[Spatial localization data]

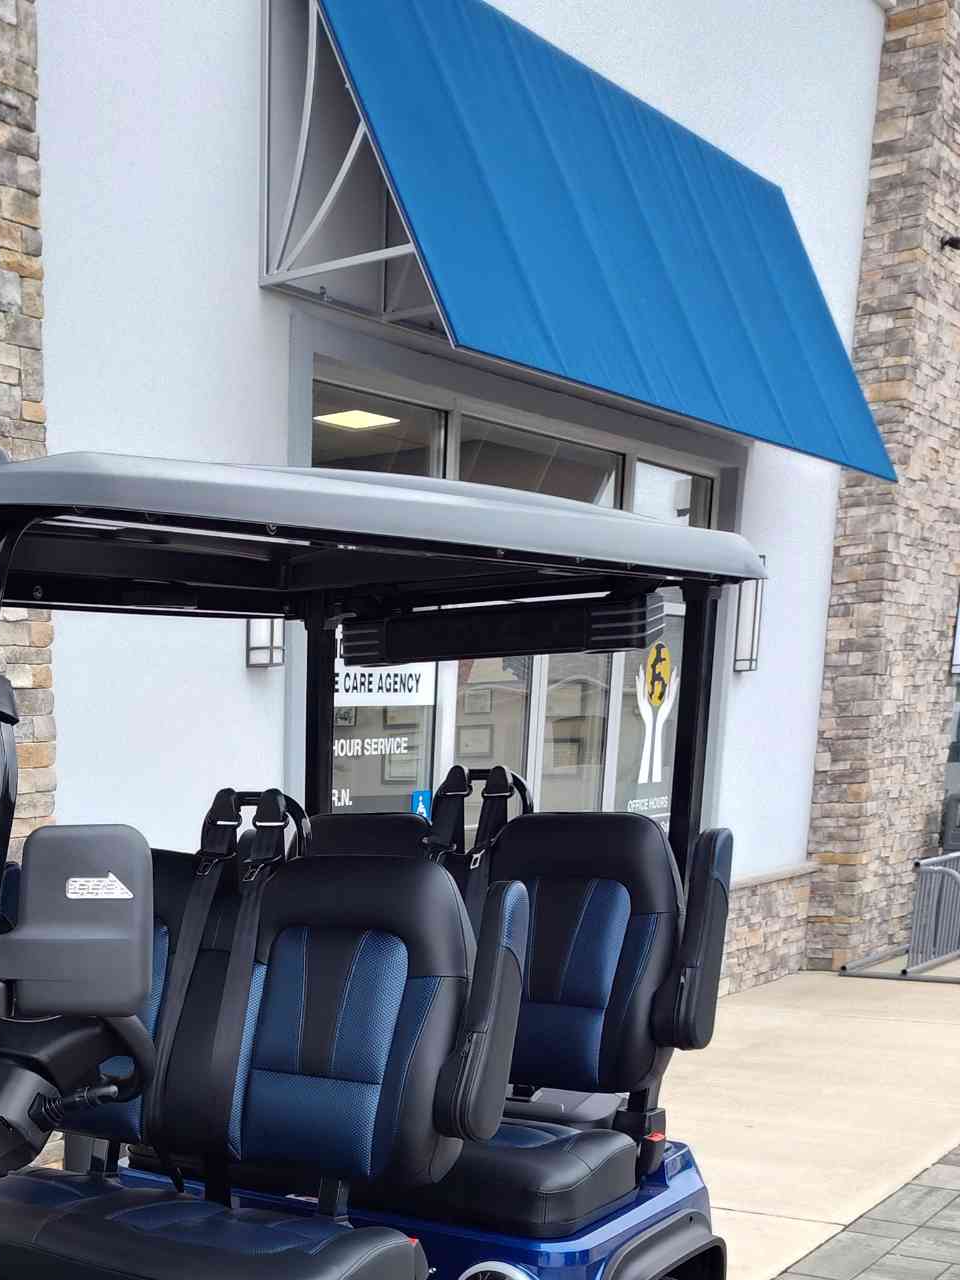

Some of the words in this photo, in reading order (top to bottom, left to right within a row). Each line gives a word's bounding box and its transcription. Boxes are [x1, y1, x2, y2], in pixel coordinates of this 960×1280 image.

[344, 673, 373, 693] CARE
[377, 673, 421, 693] AGENCY
[333, 738, 362, 756] HOUR
[364, 737, 408, 755] SERVICE
[627, 798, 648, 812] OFFICE
[649, 796, 668, 809] HOURS

ABOUT THIS EXERCISE
Without changing a word, transcribe all of the data and omit its images.

RESPONSE TO THE TASK
Some of the words in this photo, in reading order (top to bottom, left to right within a row). Each line gives a word's bounding box and its transcription. Boxes are [x1, y1, x2, y2], in pixel coordinates of this 960×1280 image.

[344, 673, 373, 693] CARE
[377, 673, 421, 693] AGENCY
[333, 738, 362, 756] HOUR
[364, 737, 408, 755] SERVICE
[627, 798, 648, 812] OFFICE
[649, 796, 668, 809] HOURS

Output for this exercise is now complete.